The Senate Watergate Committee was a special committee convened by the United States Senate to investigate the Watergate burglaries and the ensuing Watergate scandal after it was learned that the Watergate burglars had been directed to break into and wiretap the headquarters of the Democratic National Committee by the Committee to Re-elect the President, President Richard Nixon's re-election campaign fund raising organization. The formal, official name of the committee was the Select Committee on Presidential Campaign Activities.

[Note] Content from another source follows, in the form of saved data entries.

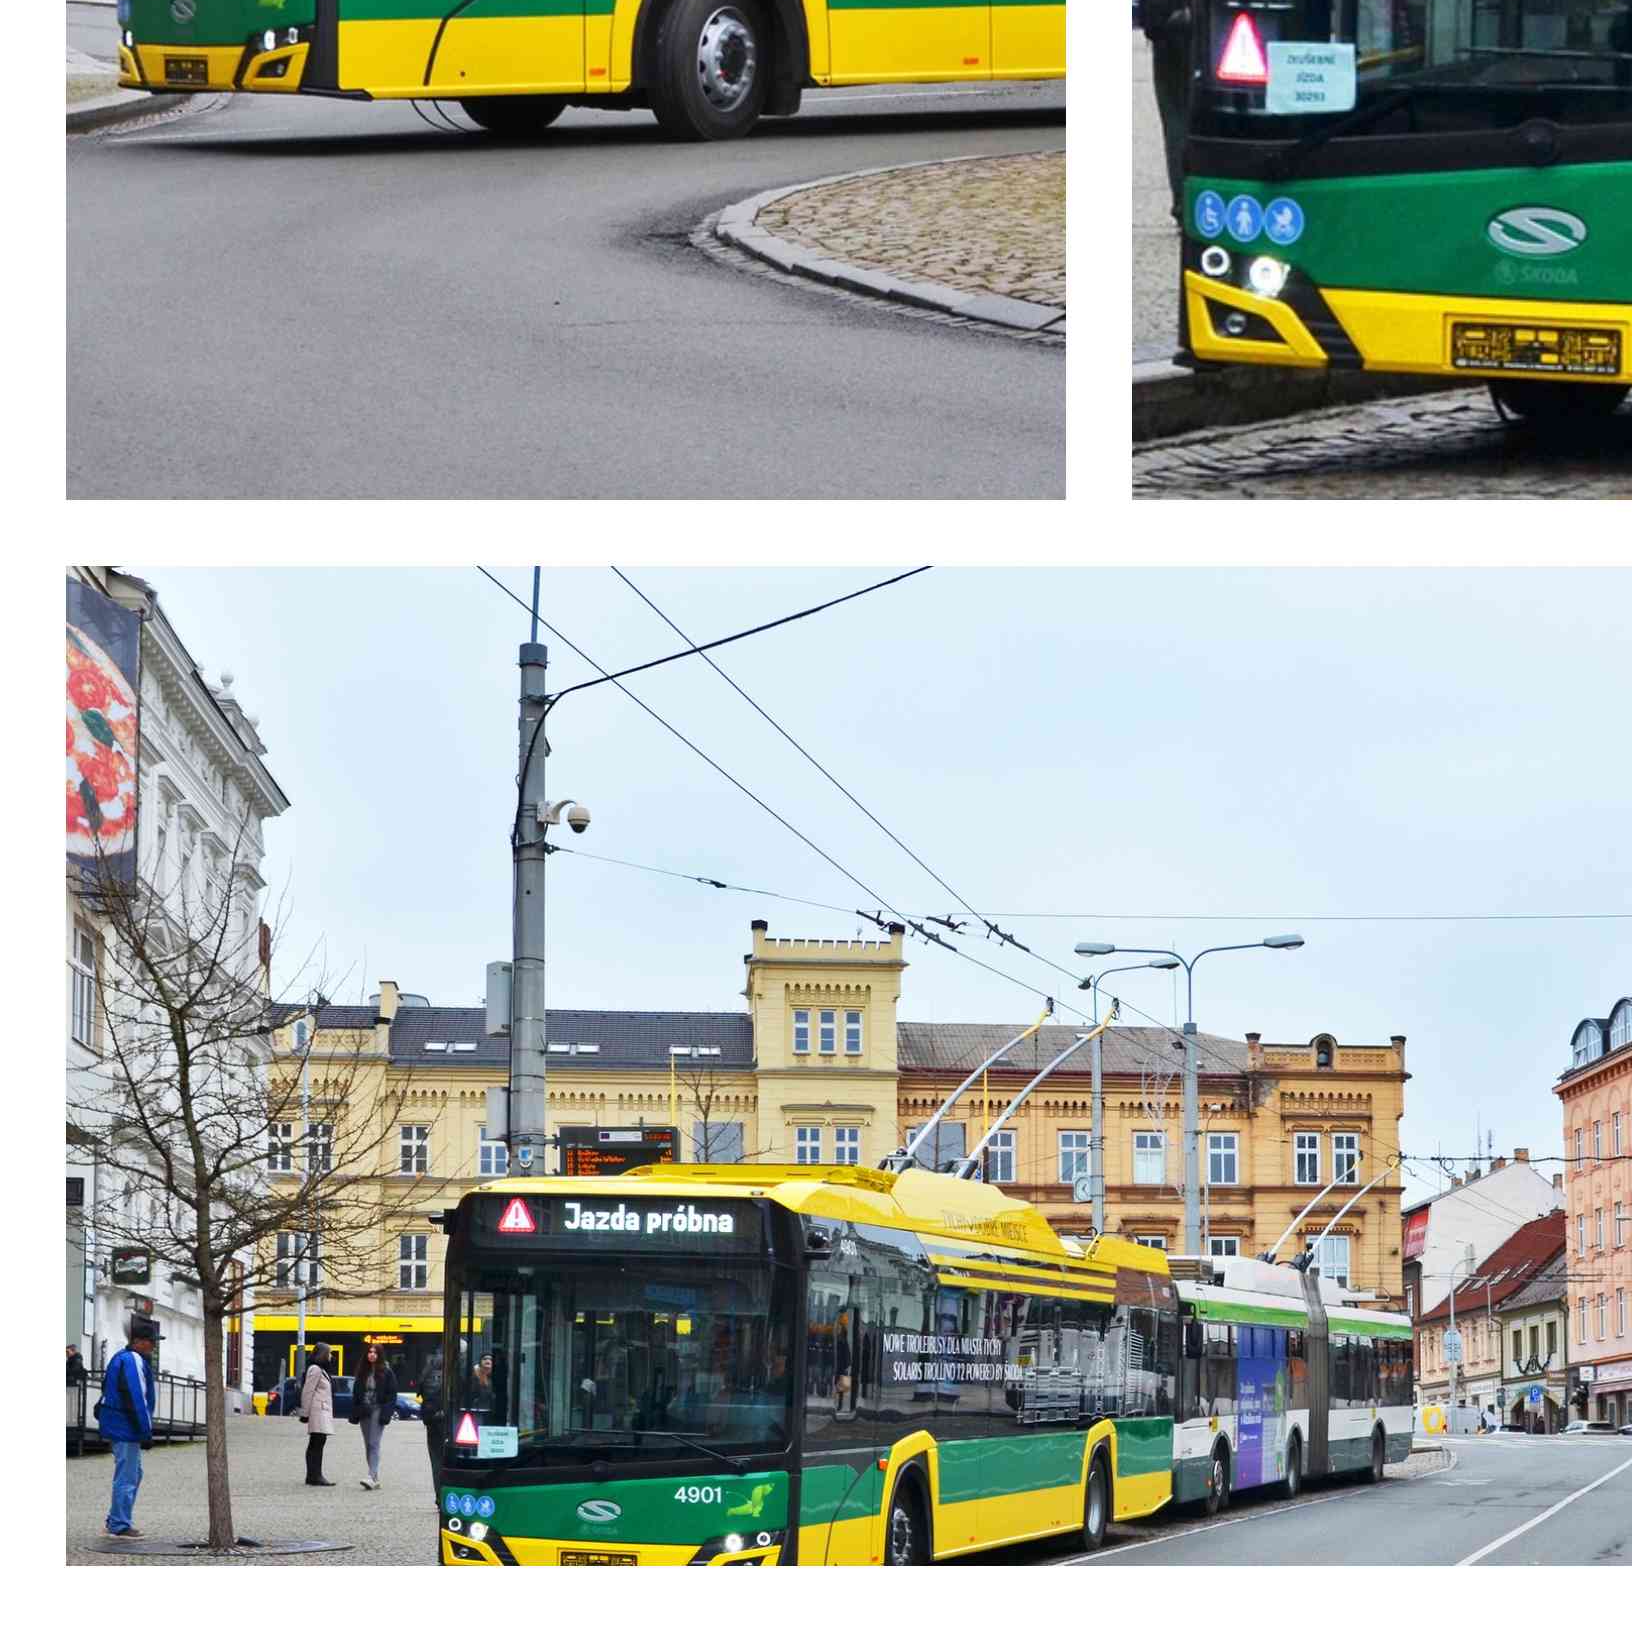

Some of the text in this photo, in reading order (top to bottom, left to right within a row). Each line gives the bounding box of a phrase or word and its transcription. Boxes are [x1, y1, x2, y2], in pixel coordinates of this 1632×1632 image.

[1520, 264, 1579, 284] ŠKODA
[564, 1202, 734, 1233] Jazda próbna
[883, 1334, 905, 1353] NOWE
[906, 1334, 947, 1355] TROLEJBUSY
[948, 1336, 961, 1355] DLA
[961, 1337, 982, 1356] MIASTA
[893, 1361, 922, 1381] SOLARIS
[924, 1362, 956, 1381] TROLLINO
[966, 1363, 995, 1381] POWERED
[674, 1486, 722, 1504] 4901

The Committee played a pivotal role in gathering evidence that would lead to the indictment of forty administration officials and the conviction of several of Nixon's aides for obstruction of justice and other crimes. Its revelations prompted the introduction of articles of impeachment against the President in the House of Representatives, which led to Nixon's resignation.
The members of the Senate Watergate Committee were:
The Committee had two chief counsels, Sam Dash and Fred Thompson, who advised the Democratic and Republican members of the committee, respectively. Hearings opened on May 17, 1973, and the Committee issued its seven-volume, 1,250-page report on June 27, 1974, entitled Report on Presidential Campaign Activities.
The members of the Senate Watergate Committee’s staff investigators were:
- Donald Sanders (Deputy Minority Counsel - Republican)
- Terry Lenzner, chief investigator
- Scott Armstrong
- Robert Muse
- Marc Lackritz
- Gordon L. Freedman
Hearings[edit | edit source]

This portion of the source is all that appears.